Глава 25
Черные псы были повсюду. Они визгливо лаяли на него по ночам, не давая ему спать, они то и дело врывались в его сновидения, нарушая их своим адским шумом, они заставляли его просыпаться чуть свет с чувством раздражения, горечи и усталости.
Откуда брались эти сны? Может быть, они оставались от дурных старых времен? Или были всего лишь воплощением той меланхолии, которая привязывается к мужчине, когда он начинает понимать, что никогда уже не сможет стать таким, каким был прежде, до того, как ему стукнуло полсотни, что его тело, и зрение, и острота чувств, и упорство – все идет на убыль? Или они являлись порождением какой-то печали, гнездящейся в самых недрах его существа, печали, от которой невозможно укрыться?

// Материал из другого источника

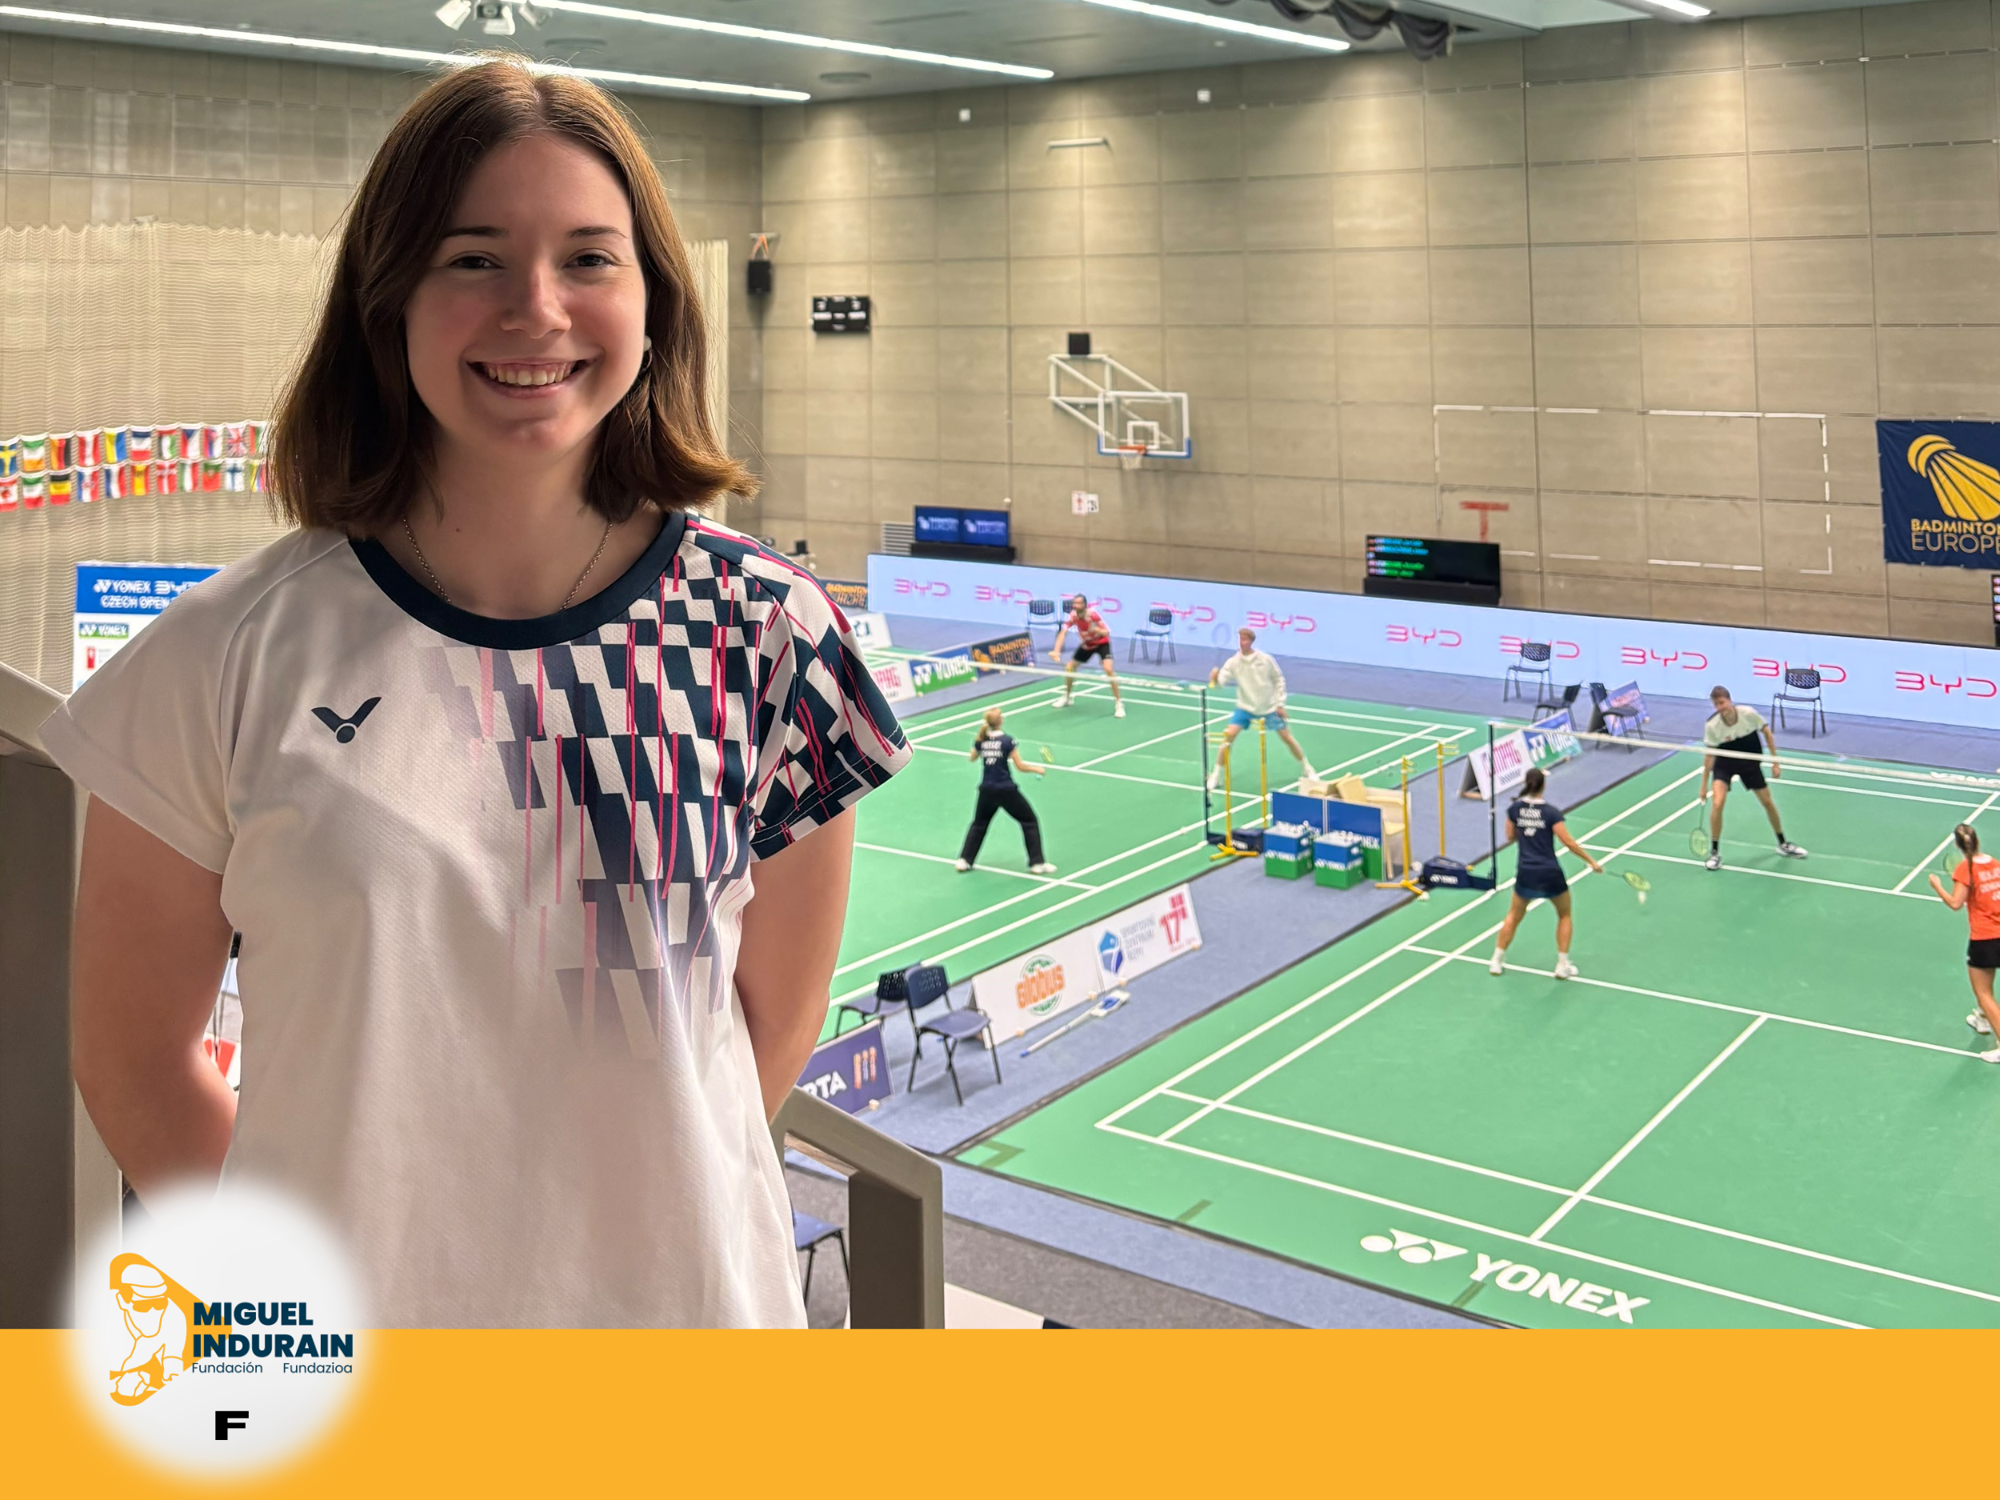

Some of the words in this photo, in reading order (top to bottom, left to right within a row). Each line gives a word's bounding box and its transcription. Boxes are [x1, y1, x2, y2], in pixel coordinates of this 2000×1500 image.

[1910, 518, 2000, 536] BADMINTO
[112, 580, 151, 594] YONEX
[895, 578, 950, 598] BYD
[101, 595, 138, 609] CZECH
[139, 596, 171, 610] OPEN
[1247, 611, 1317, 633] BYD
[1386, 624, 1463, 648] BYD
[1499, 635, 1581, 659] BD
[1621, 646, 1708, 671] BYD
[1753, 658, 1847, 684] BD
[1895, 671, 1998, 698] BYD
[1470, 1253, 1651, 1324] YONEX

Боб этого не знал. Единственное, что он знал, так это то, что, как обычно, пробудился с головной болью. Еще не наступил рассвет, но его жена Джулия уже ушла в конюшню и седлала лошадей. Она упорно цеплялась за свои привычки даже на протяжении его самого черного времени. Рано утром садись в седло, упорно трудись и никогда не жалуйся. Какая женщина! Как он любил ее! Как он нуждался в ней! Как плохо обращался с нею!

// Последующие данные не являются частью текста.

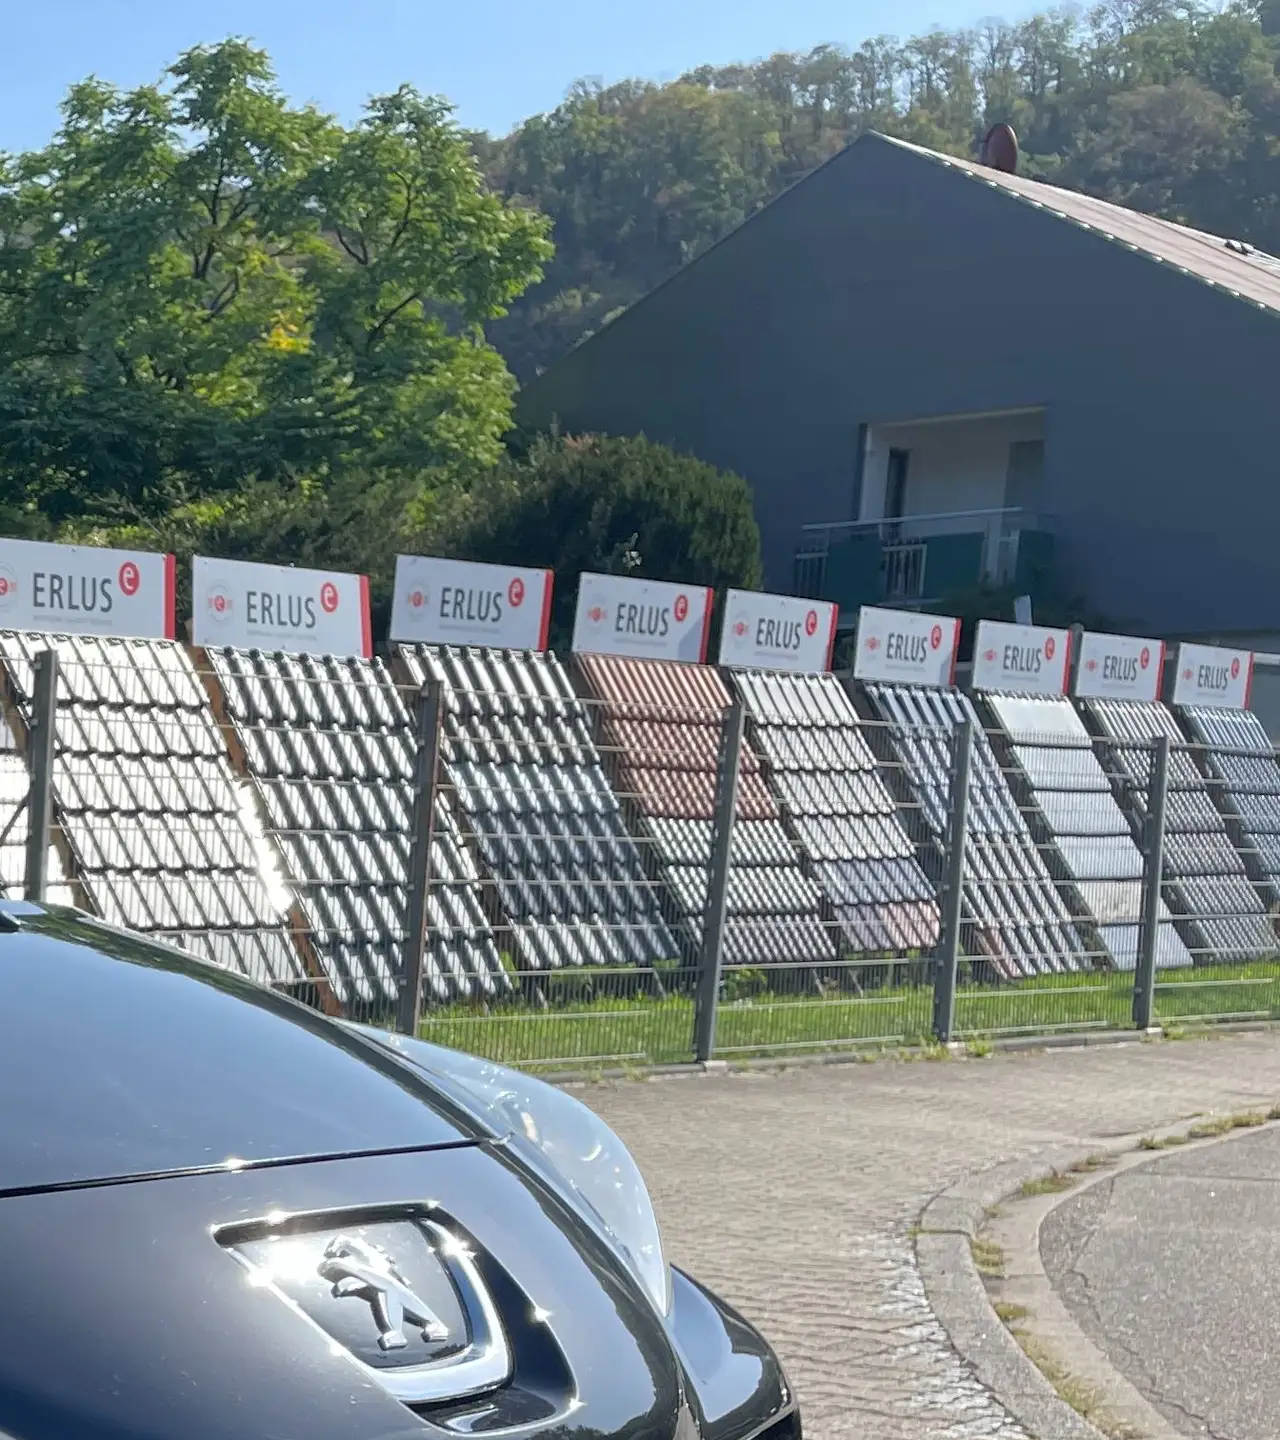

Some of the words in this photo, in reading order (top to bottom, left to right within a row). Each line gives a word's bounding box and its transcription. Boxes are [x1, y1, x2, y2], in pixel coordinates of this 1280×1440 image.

Его мучило похмелье, но это была лишь мечта о боли, сопровождающей запой. Он не прикасался к спиртному с 1985 года. И не нуждался в нем. Он потратил на пьянство почти полтора десятилетия, потерял свой первый брак, большую часть друзей, половину своих воспоминаний, несколько рабочих мест и большие перспективы; все это было смыто алкоголем.

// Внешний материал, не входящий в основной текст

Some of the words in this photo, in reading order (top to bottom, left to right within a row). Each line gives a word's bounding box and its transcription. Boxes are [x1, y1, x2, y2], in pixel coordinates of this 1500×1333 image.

Никакого спиртного. Он был способен на это. Каждый день был первым днем его оставшейся жизни.
«Боже мой, как же мне нужно выпить», – думал он сегодня, как, впрочем, и каждый день по утрам. Насколько же он хотел этого! Бурбон был его отравой, прекрасной и ласковой, он затягивал дымной завесой все плохое и показывал мир через сияющую пелену. С бурбоном он не чувствовал никакой боли, не испытывал никакого раскаяния, не знал никаких дурных мыслей – нужно было только выпить еще бурбона.
Бедро болело. Необъяснимо, но после того, как оно столько лет почти не давало о себе знать, оно снова начало болеть, и эта боль возвращалась снова и снова. Ему нужно было перестать пожирать ибупрофен, посетить врача и посоветоваться по этому поводу, но он, неизвестно почему, не мог заставить себя сделать это.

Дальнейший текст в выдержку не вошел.